Of drivers and ass-kickings
Drivers were a major bane to Vista in its early months last year.
Despite Microsoft's claim that more than 1.6 million peripherals worked with Vista at its launch, there were numerous complaints from early adopters, gamers and other power users about non-working devices.
"It definitely wasn't just a vocal minority that had a problem with drivers at Vista's launch," said Robert McLaws, a blogger who also tested SP1 but didn't face any driver issues.
Indeed, driver issues had been on the wane. At its Windows Hardware Engineering Conference (WinHEC) conference last May, Microsoft said that 1.9 million devices supported Vista.
Microsoft has not updated that number since then. But it says that over 78,000 hardware products are now supported by Windows Update, up from 34,000 at launch.
And 17,000 peripherals and devices (see list, IE 6+ required) have passed one of Microsoft's two rigorous certification programs: Certified for Windows Vista, which requires successful testing by a third party such as QualityLogic, and the more self-reported Works with Windows Vista program, which is more reliant on self-reporting.

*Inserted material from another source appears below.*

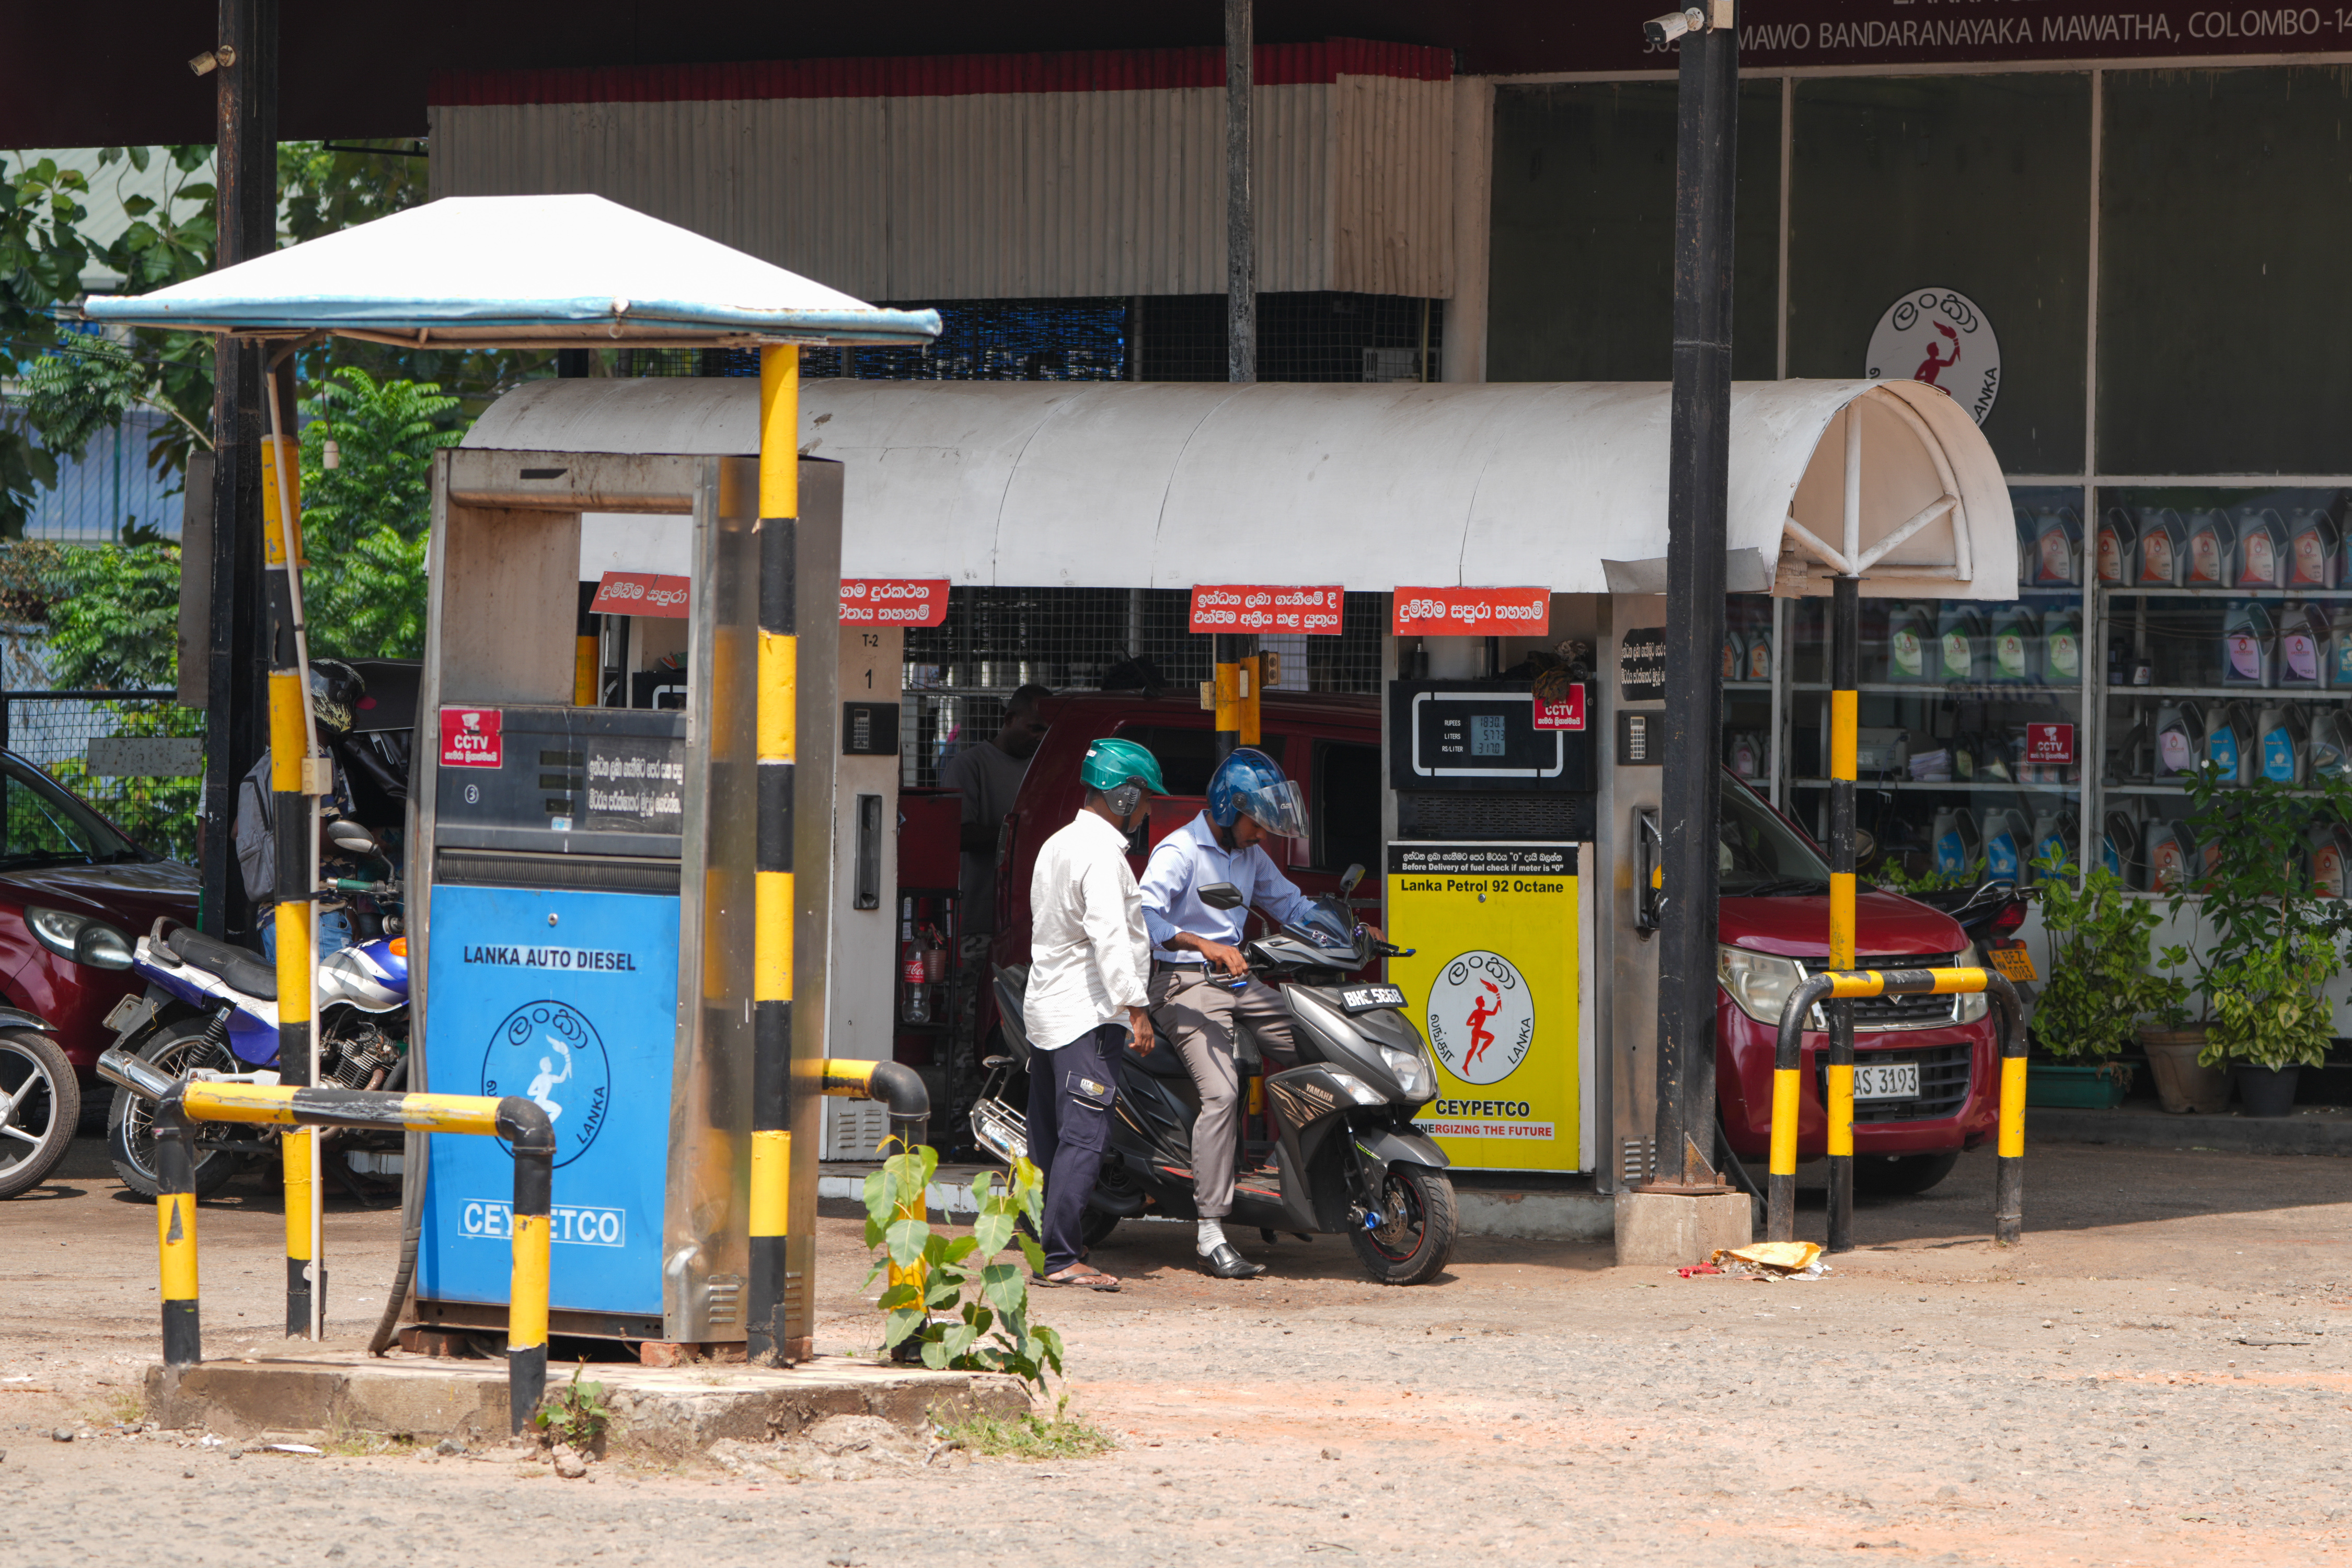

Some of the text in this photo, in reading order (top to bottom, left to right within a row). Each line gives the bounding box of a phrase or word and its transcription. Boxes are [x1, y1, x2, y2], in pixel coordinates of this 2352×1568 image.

"A lot of OEMs did not take the Vista launch seriously," McLaws said. "So Microsoft took their problem reports to vendors and kicked some ass."
In a PowerPoint presentation distributed to media last month, Microsoft was confident enough to state "Many device and software problems behind us: Nearly all Windows Vista PCs have drivers for every single device installed, available on WU [Windows Update] or from vendor websites."
But Microsoft may have relaxed too soon. Morris says none of vendors that came to QualityLogic for certification of their Vista drivers have returned seeking the same service for SP1.
"They may be hammering on them tooth and nail internally, but they're not asking us to touch it," he said.
The result? Monday's delay.
Gregg Keizer contributed to this story.